# Aim of the exercise
Count every line of these entries that holds the word "text", and reply with the number only.

# Data for this task
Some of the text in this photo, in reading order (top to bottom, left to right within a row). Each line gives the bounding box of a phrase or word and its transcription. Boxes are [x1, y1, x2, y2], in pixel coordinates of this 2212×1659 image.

...

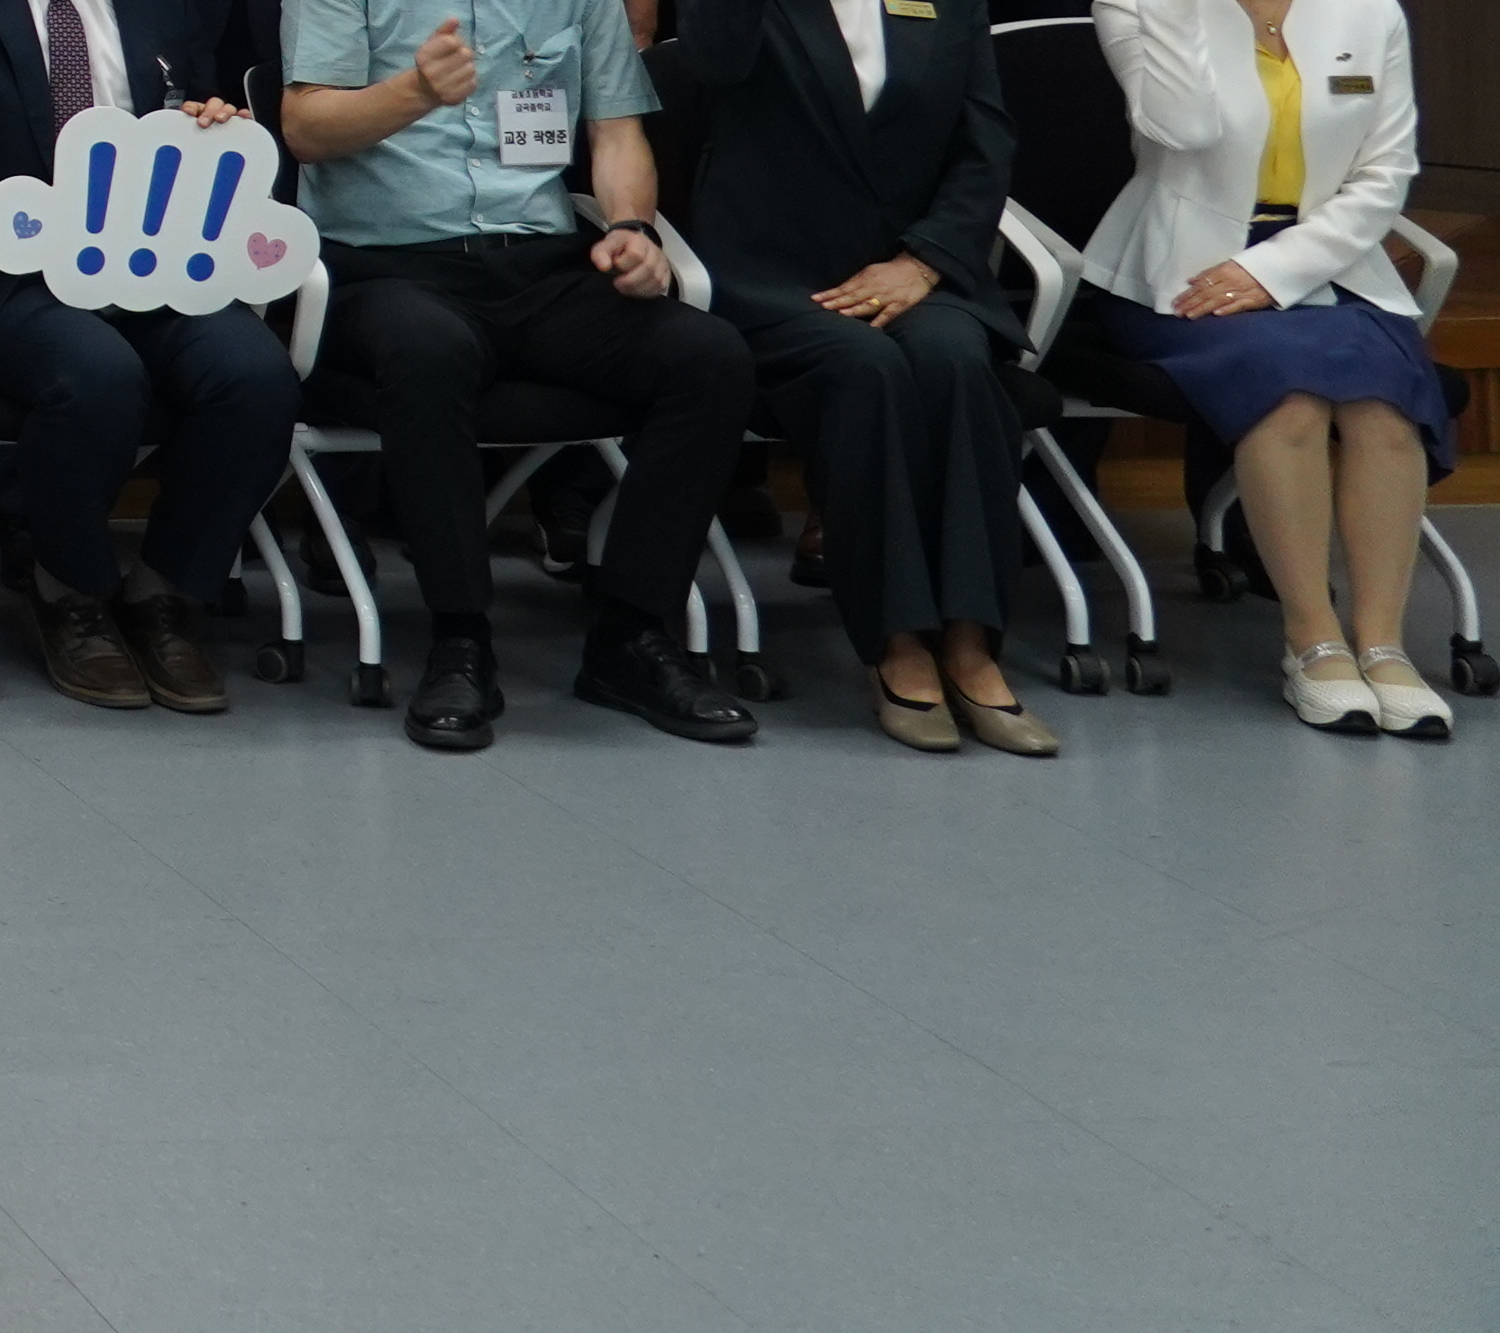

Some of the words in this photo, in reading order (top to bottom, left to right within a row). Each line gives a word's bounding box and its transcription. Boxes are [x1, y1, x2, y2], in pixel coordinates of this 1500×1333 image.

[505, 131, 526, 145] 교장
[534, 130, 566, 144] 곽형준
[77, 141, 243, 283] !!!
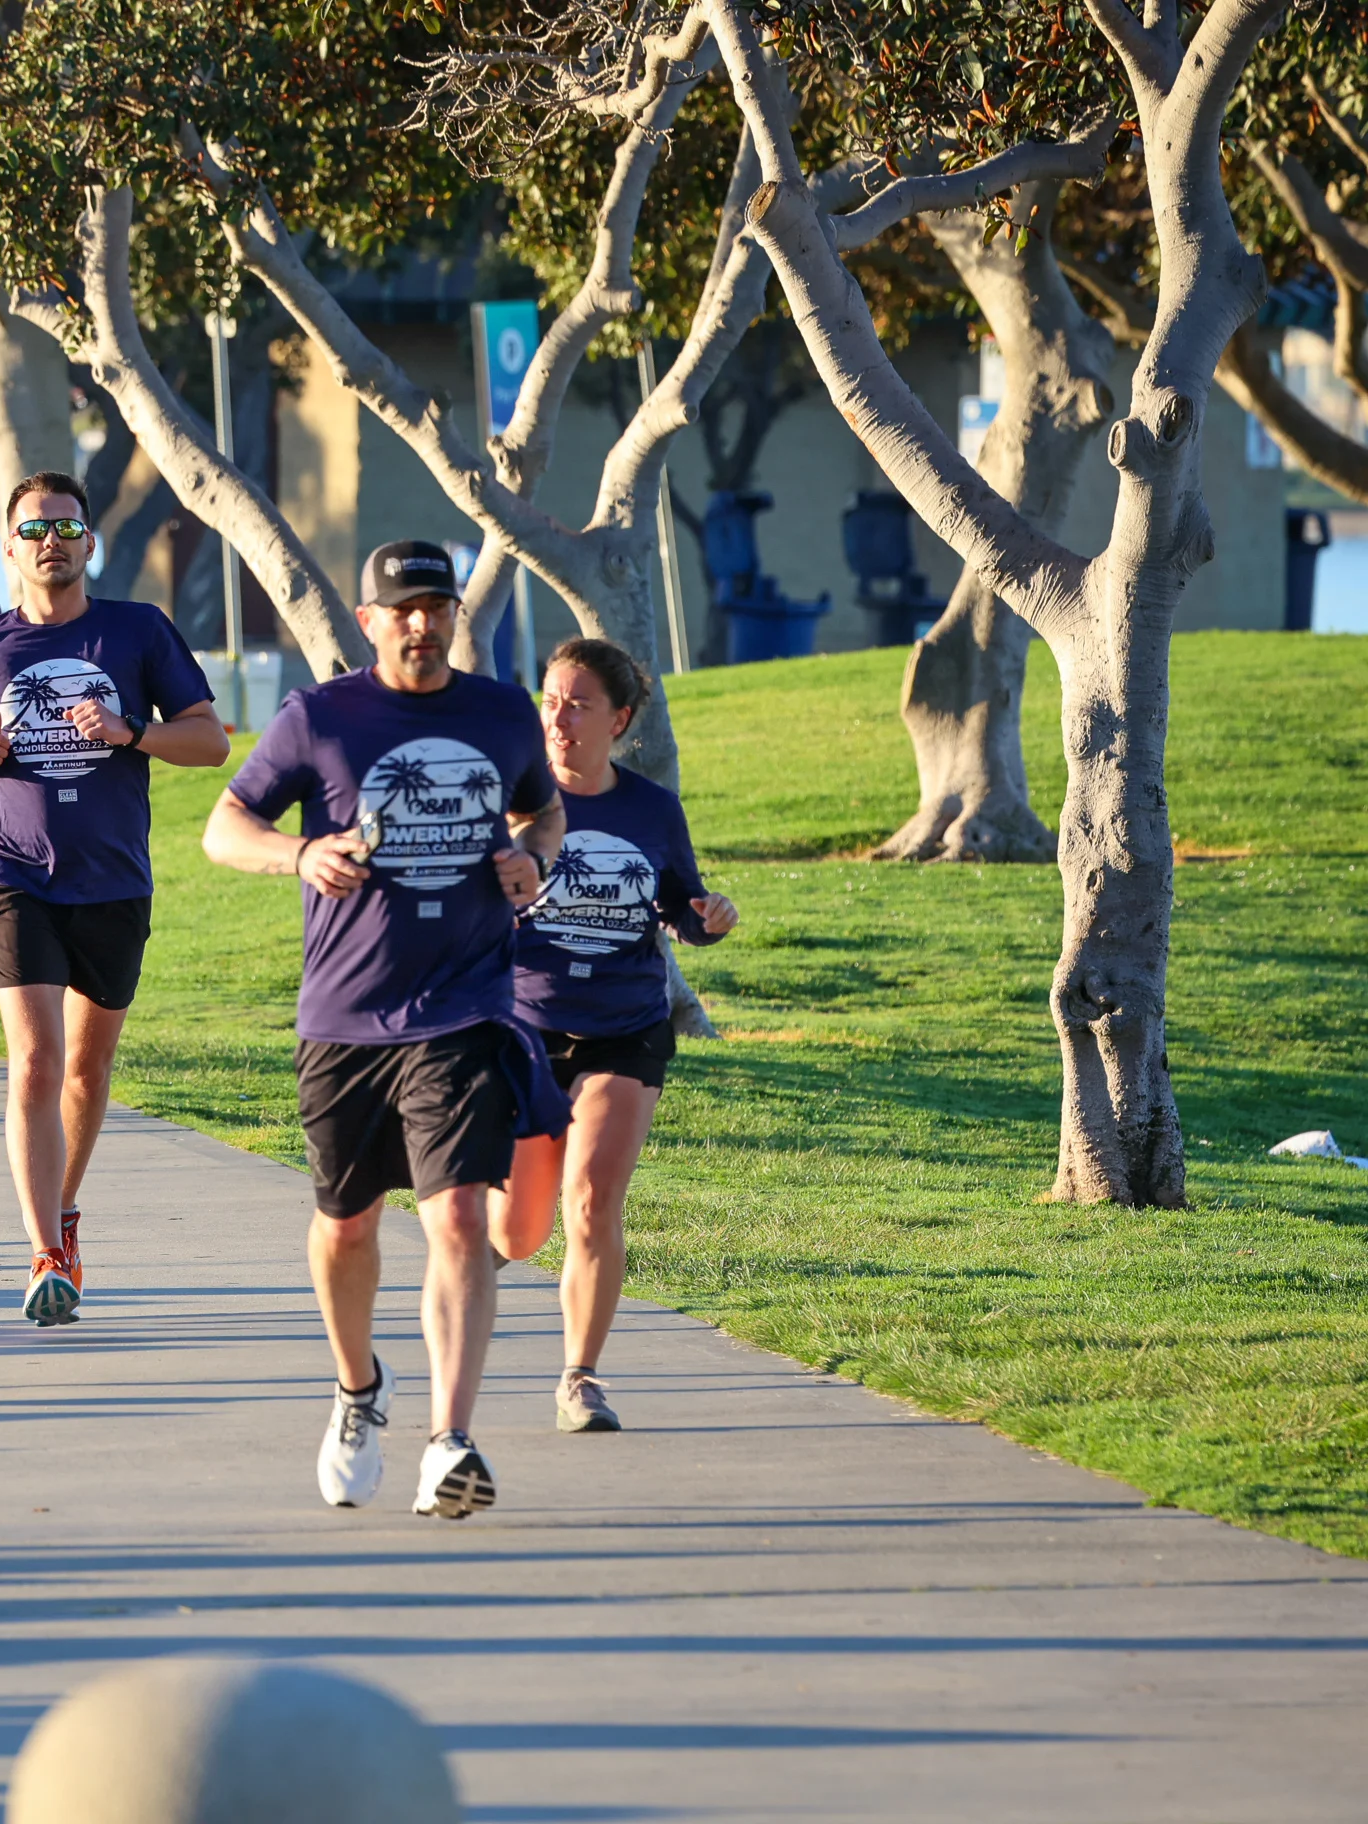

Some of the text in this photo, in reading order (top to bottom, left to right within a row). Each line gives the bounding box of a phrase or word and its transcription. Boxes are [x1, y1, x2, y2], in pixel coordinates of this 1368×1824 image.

---

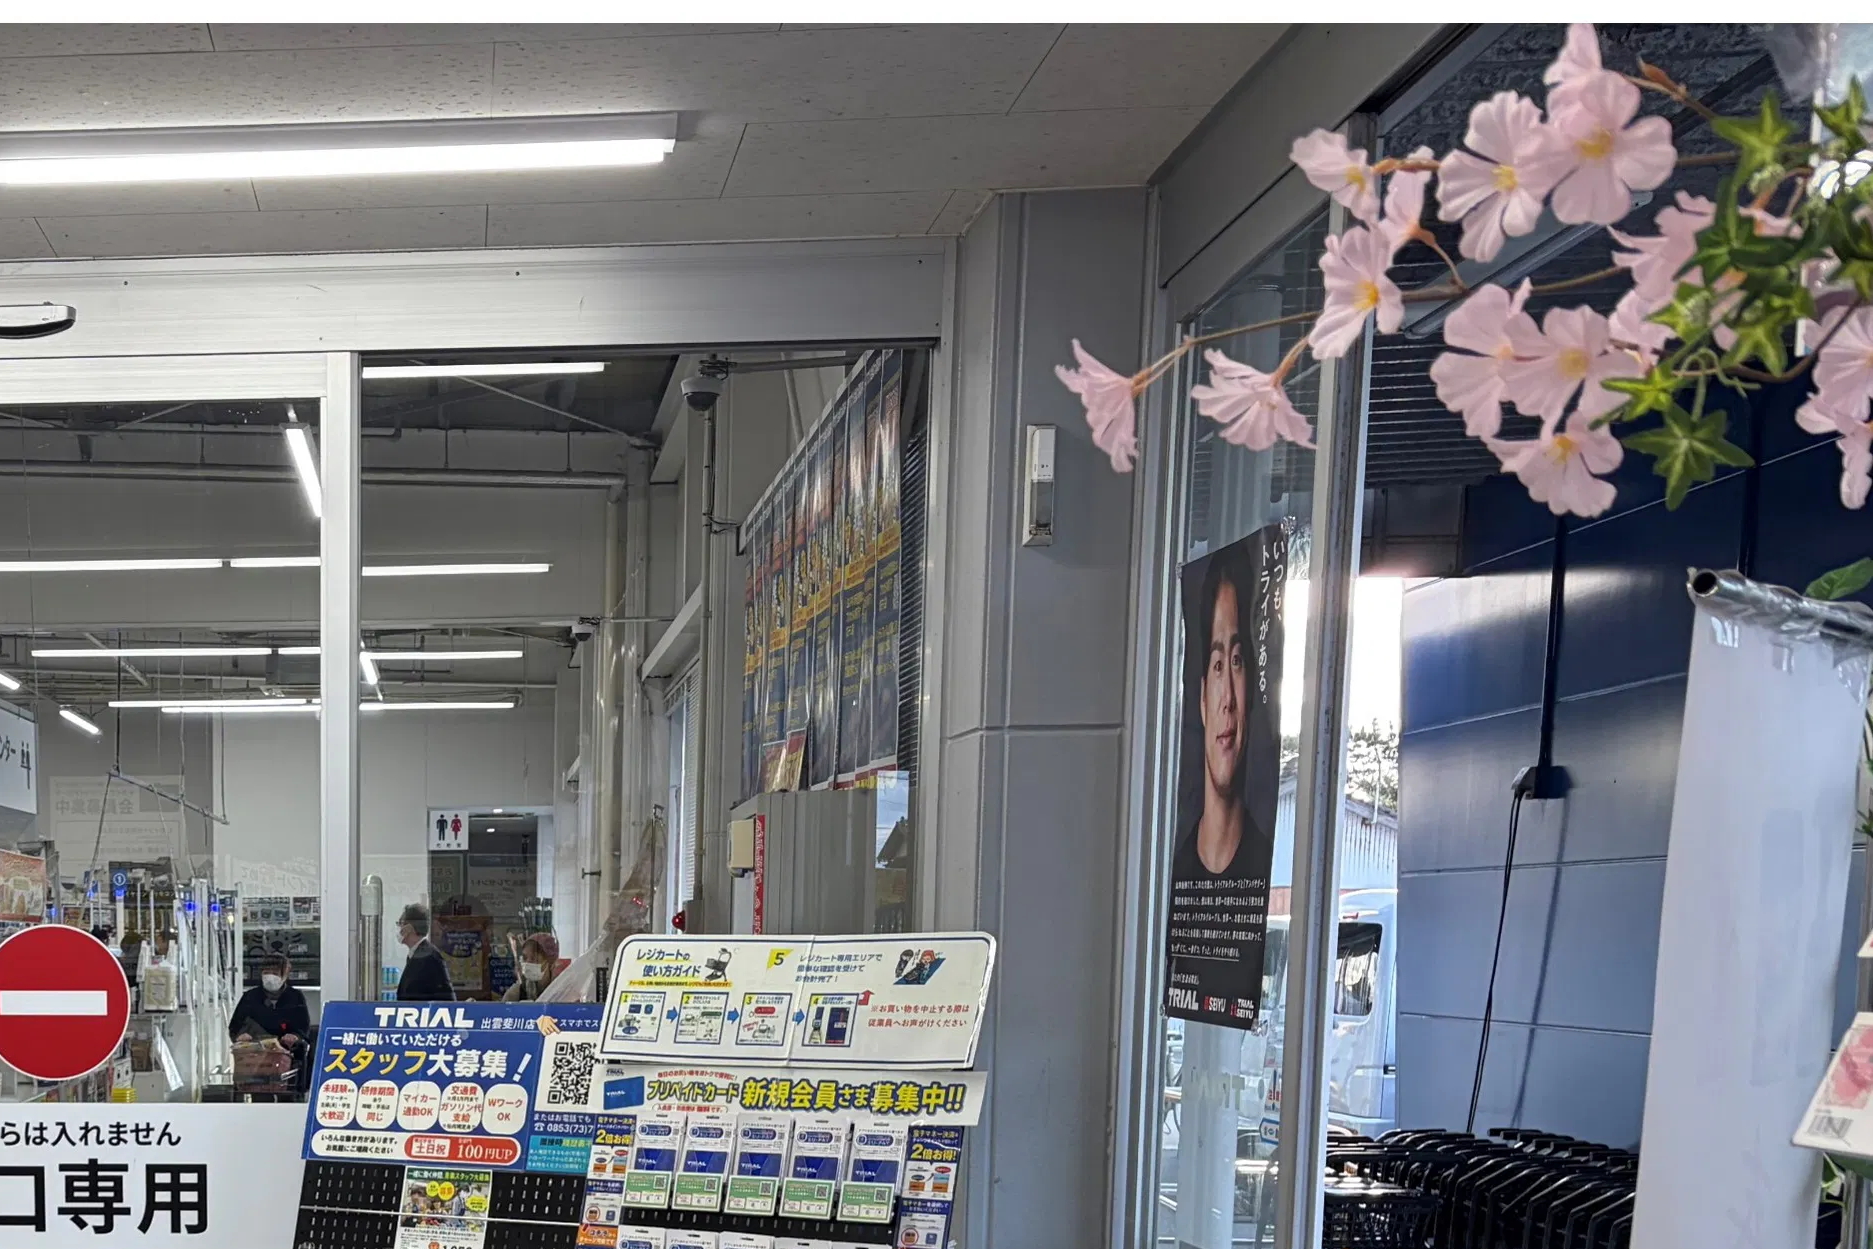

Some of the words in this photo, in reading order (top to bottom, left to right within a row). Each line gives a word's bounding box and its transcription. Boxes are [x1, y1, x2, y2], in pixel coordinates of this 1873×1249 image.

# Answer to this task
2